La sinistra storica al potere

In quali anni la Sinistra storica governò l'italia?

Dopo l'Unità d'Italia nel 1861, il governo andò alla Destra storica che ebbe il ruolo importante di unificare territorialmente la nazione, annettendo il Veneto e lo Stato Pontificio, ma lasciando impoverito il meridione.
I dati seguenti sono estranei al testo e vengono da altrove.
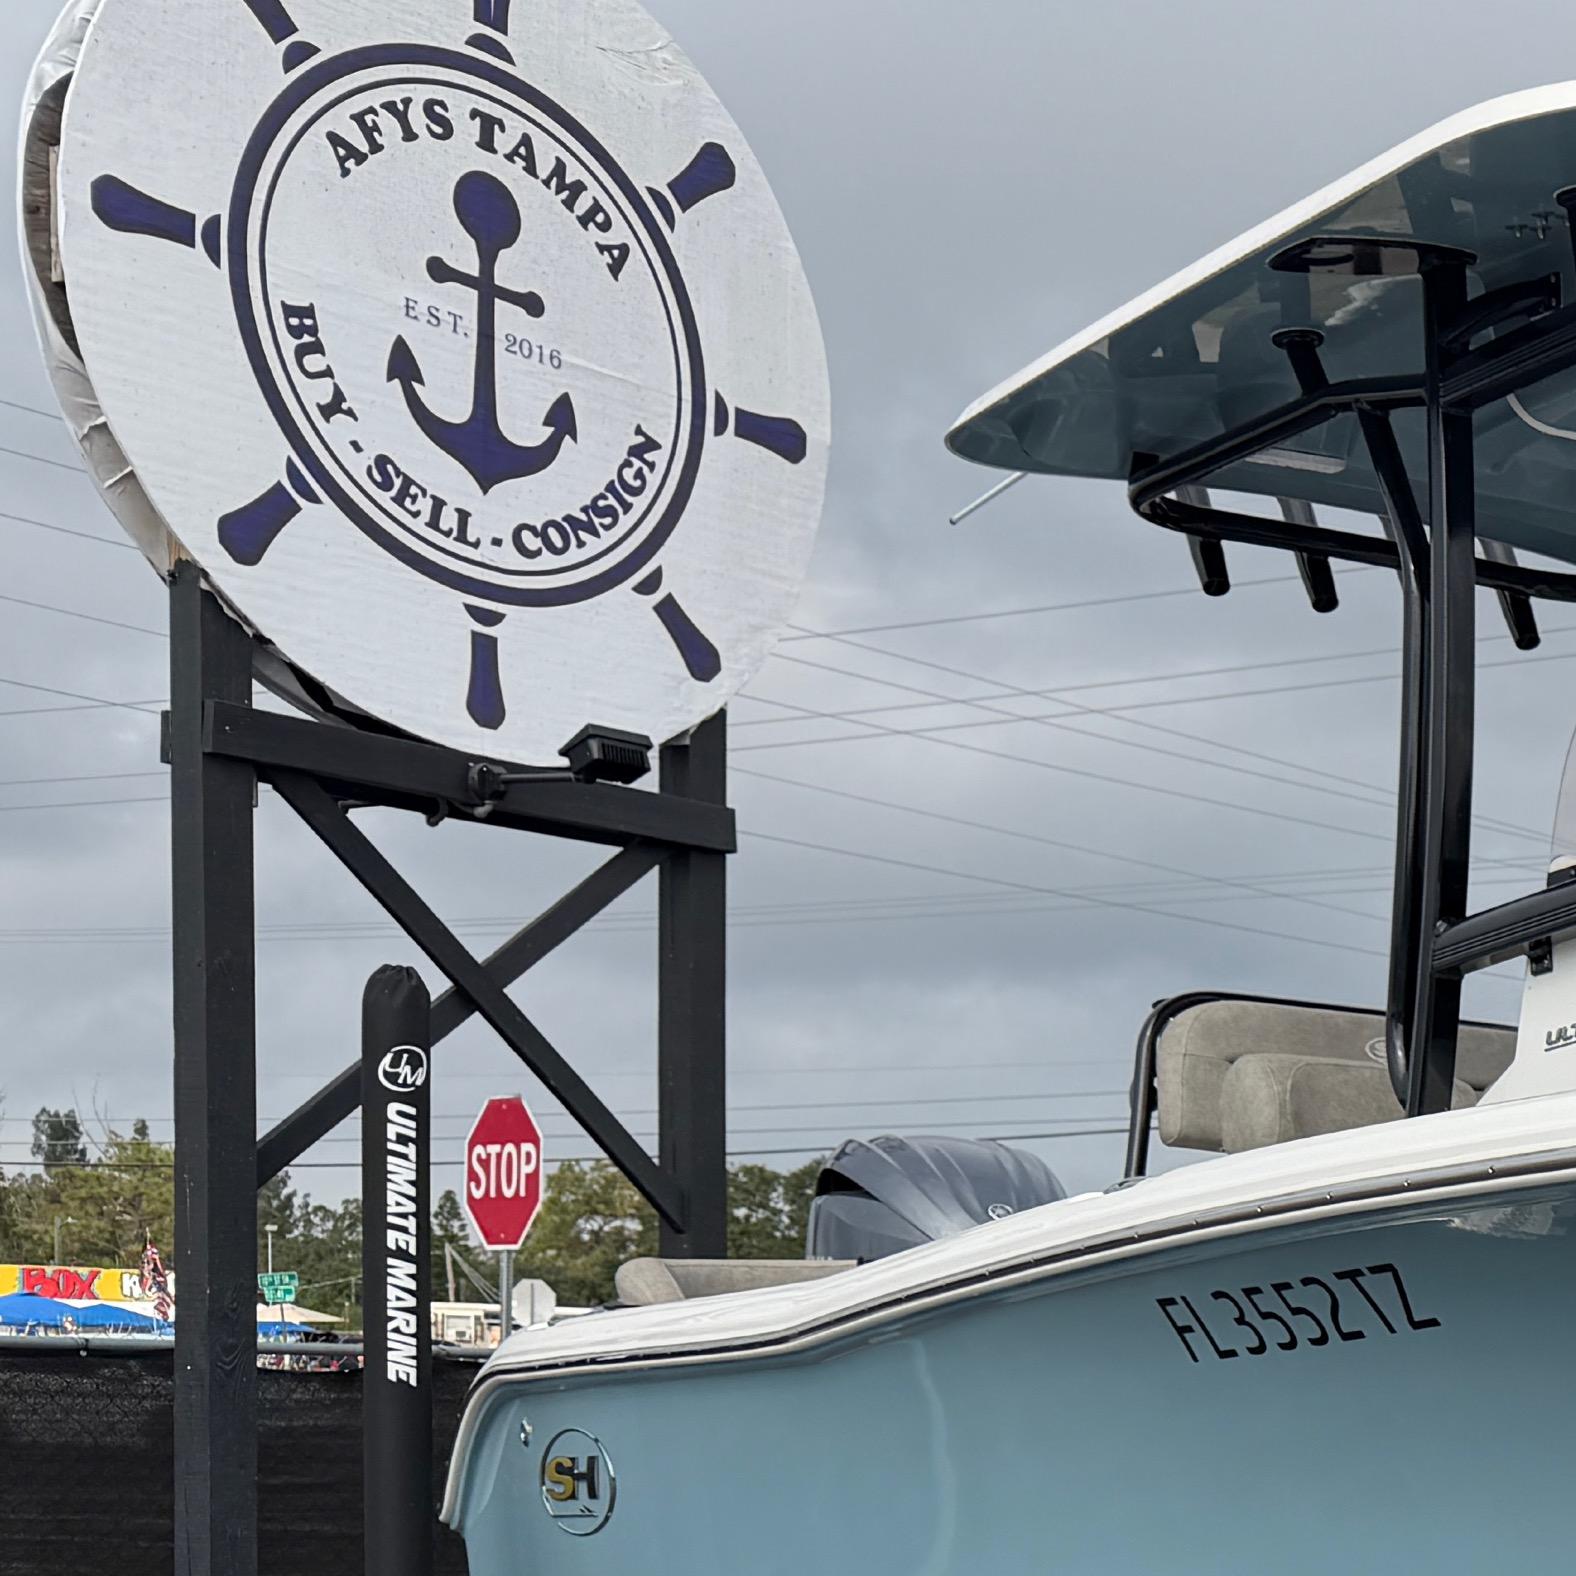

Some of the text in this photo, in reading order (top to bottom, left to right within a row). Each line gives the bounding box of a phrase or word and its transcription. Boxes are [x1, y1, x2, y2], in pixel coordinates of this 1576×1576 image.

[325, 97, 631, 282] AFYS TAMPA
[404, 296, 563, 370] EST. 2016
[280, 299, 359, 424] BUY
[366, 453, 482, 550] SELL
[511, 423, 663, 560] CONSIGN
[469, 1142, 538, 1200] STOP
[22, 1267, 102, 1300] BOX
[386, 1101, 418, 1388] ULTIMATE MARINE
Il governo della Destra storica, quindi, va dall'unità d'Italia fino al 1876.
In questo anno il potere andrà alla Sinistra storica che punterà sul riformismo, volto alla partecipazione popolare (secondo le idee Mazziniane e Garibaldine).
La Sinistra storica governa per vent'anni, dal 1876 al 1896.
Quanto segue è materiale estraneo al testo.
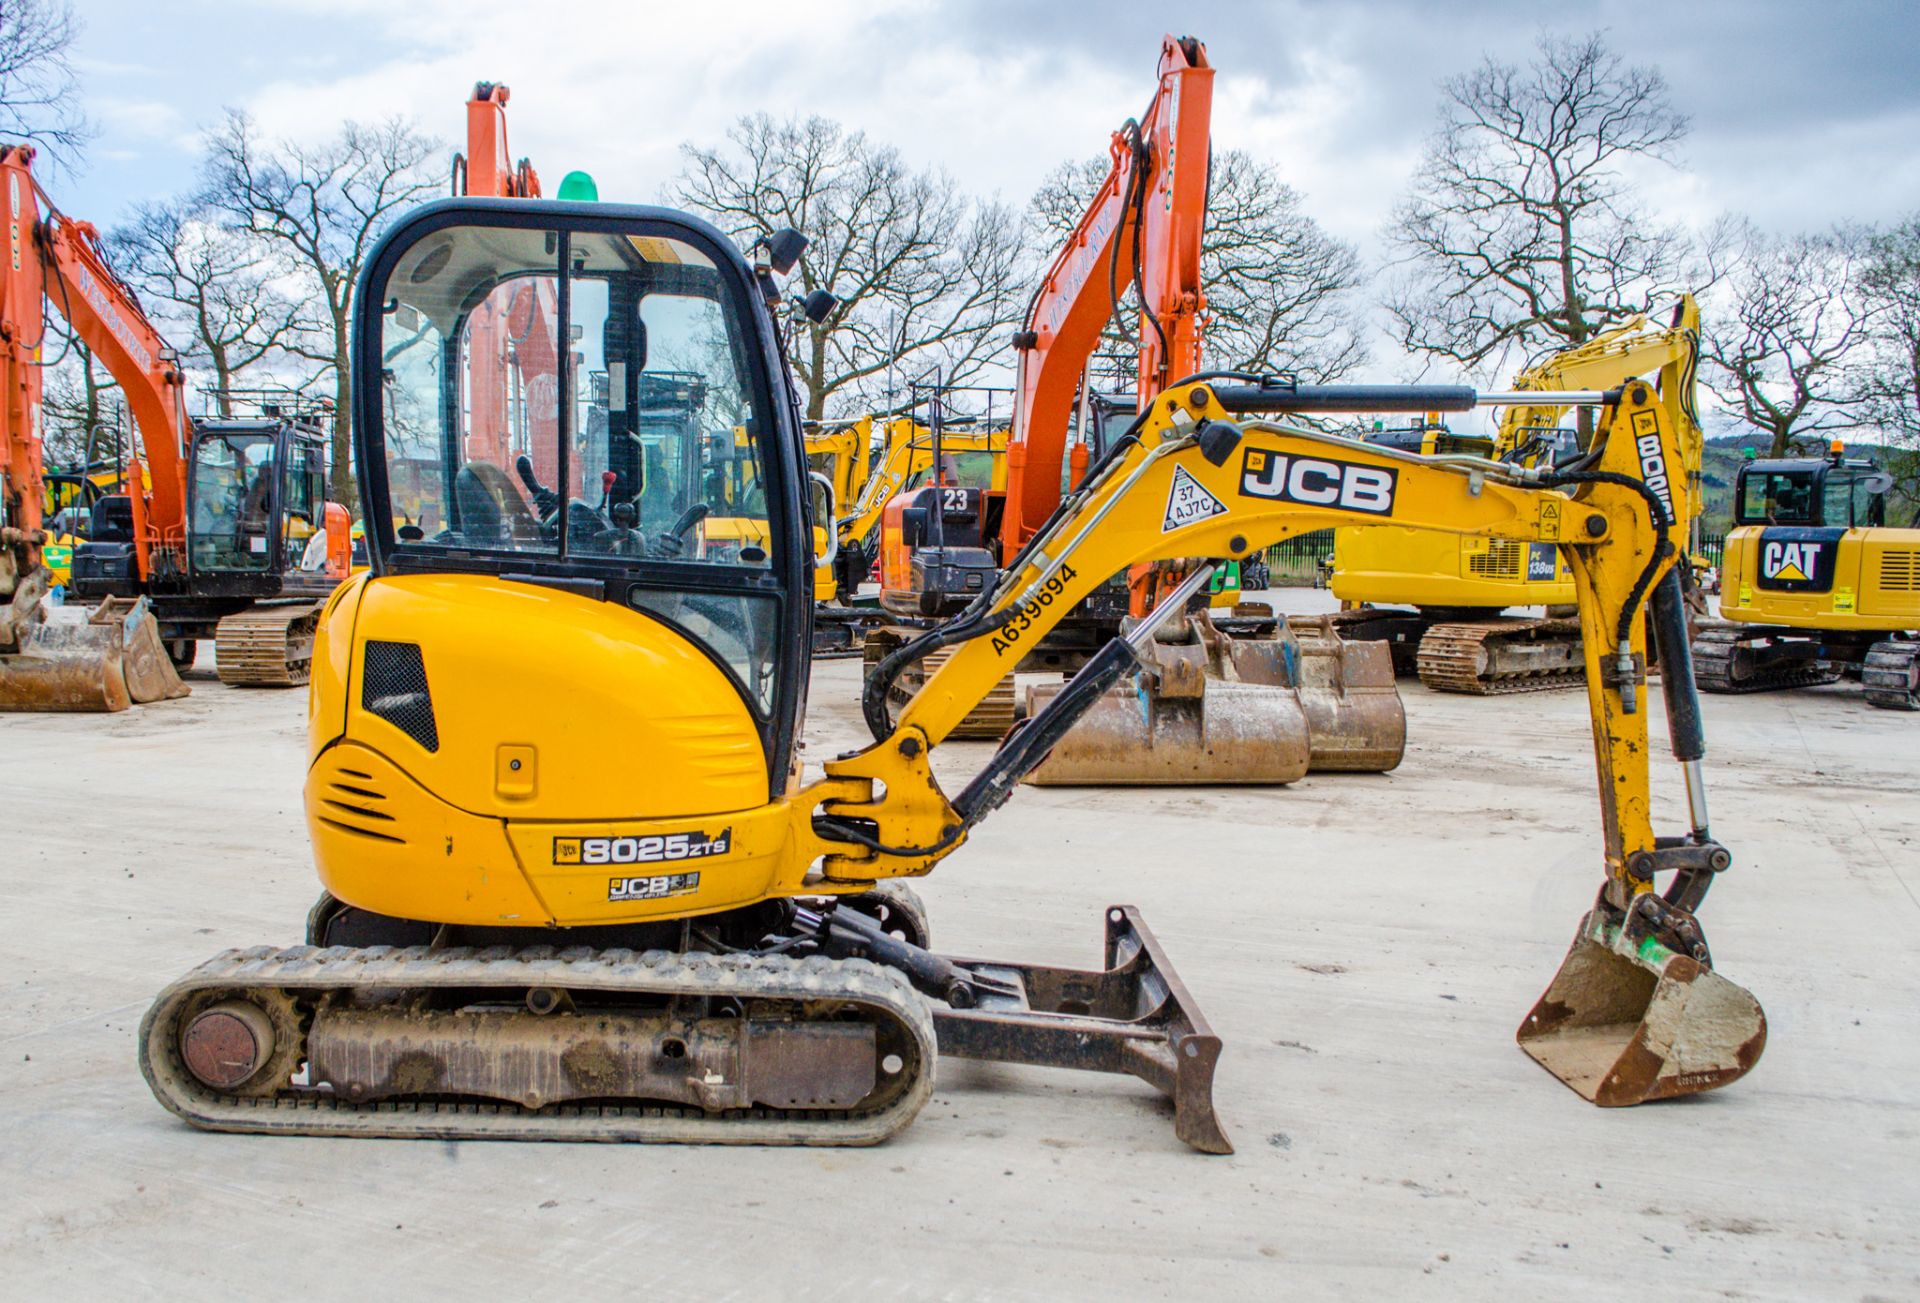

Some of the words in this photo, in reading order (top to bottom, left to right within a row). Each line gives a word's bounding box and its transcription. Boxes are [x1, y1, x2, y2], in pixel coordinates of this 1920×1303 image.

[1178, 484, 1194, 501] 37
[1244, 455, 1393, 512] JCB
[873, 484, 890, 508] JCB
[943, 489, 968, 511] 23
[1176, 498, 1211, 519] AJ7C
[1763, 541, 1821, 580] CAT
[991, 563, 1077, 657] A639694
[610, 876, 669, 895] JCB
Perché la Sinistra è detta storica?

La Sinistra è detta storica per distinguerla dai partiti e movimenti di sinistra che si sarebbero affermati nel corso del XX secolo.

Quali furono i maggiori esponenti della Sinistra storica?

-Agostino Depretis, che governò per 11 anni, dal 1876 al 1887;
-Francesco Crispi, che governò dal 1887 al 1891.

A. Depretis

Depretis formò un governo che, oltre all'appoggio della Sinistra, schieramento di cui faceva parte, si reggeva anche sull'appoggio di una parte della Destra, dando vita al fenomeno del trasformismo.
(Il trasformismo è il superamento delle distinzioni fra schieramenti politici in merito a un tema comune, al fine di raggiungere una solida maggioranza.)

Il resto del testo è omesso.